What to produce: Could you transcribe every record below exactly as written, excluding the pictures?

Collected data entries:
+ + + + +

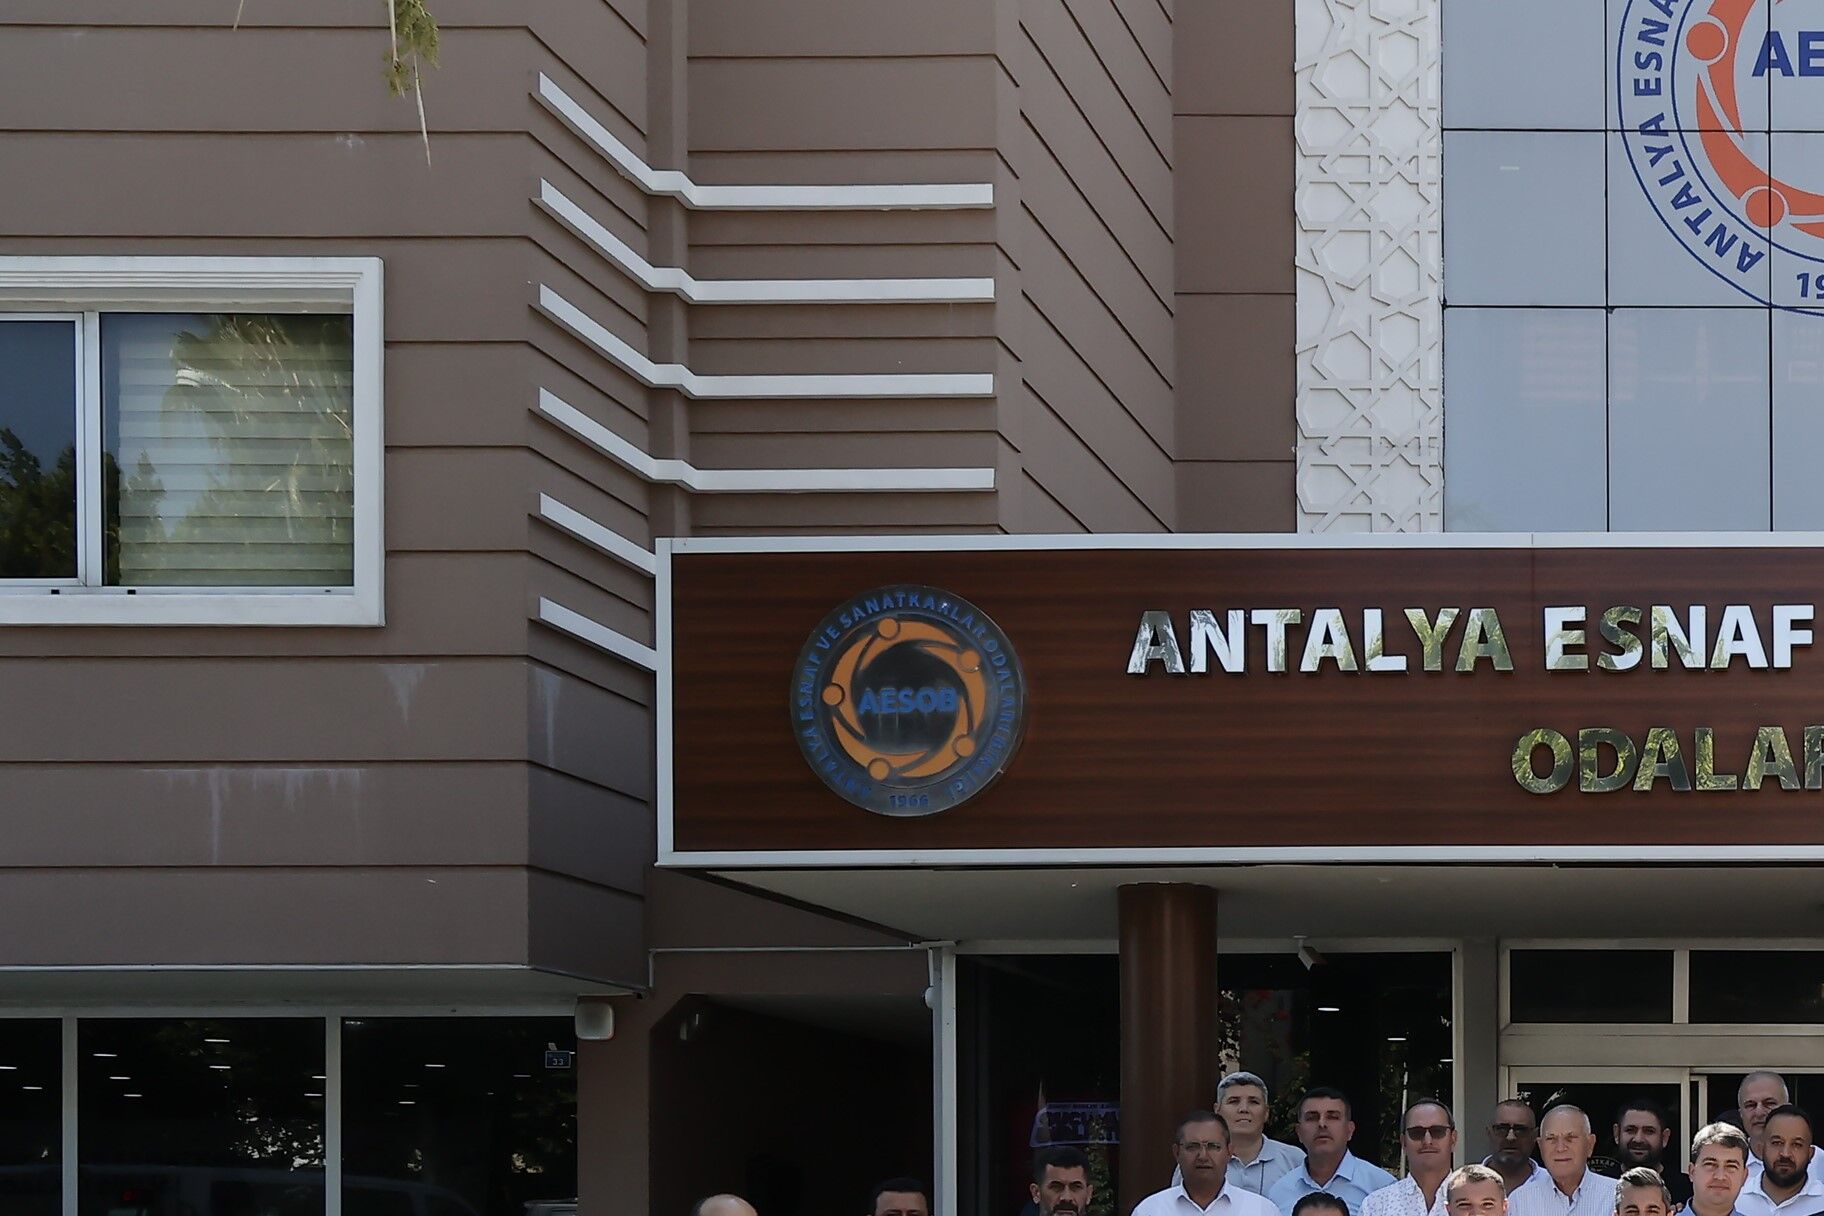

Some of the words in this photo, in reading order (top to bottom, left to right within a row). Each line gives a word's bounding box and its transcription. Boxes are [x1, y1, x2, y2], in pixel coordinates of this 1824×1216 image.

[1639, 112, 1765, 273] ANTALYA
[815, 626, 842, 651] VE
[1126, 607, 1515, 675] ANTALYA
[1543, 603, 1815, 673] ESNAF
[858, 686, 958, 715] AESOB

+ + + + +

Expected answer:
Some of the words in this photo, in reading order (top to bottom, left to right within a row). Each line gives a word's bounding box and its transcription. Boxes are [x1, y1, x2, y2], in pixel coordinates of this 1824×1216 image.

[1639, 112, 1765, 273] ANTALYA
[815, 626, 842, 651] VE
[1126, 607, 1515, 675] ANTALYA
[1543, 603, 1815, 673] ESNAF
[858, 686, 958, 715] AESOB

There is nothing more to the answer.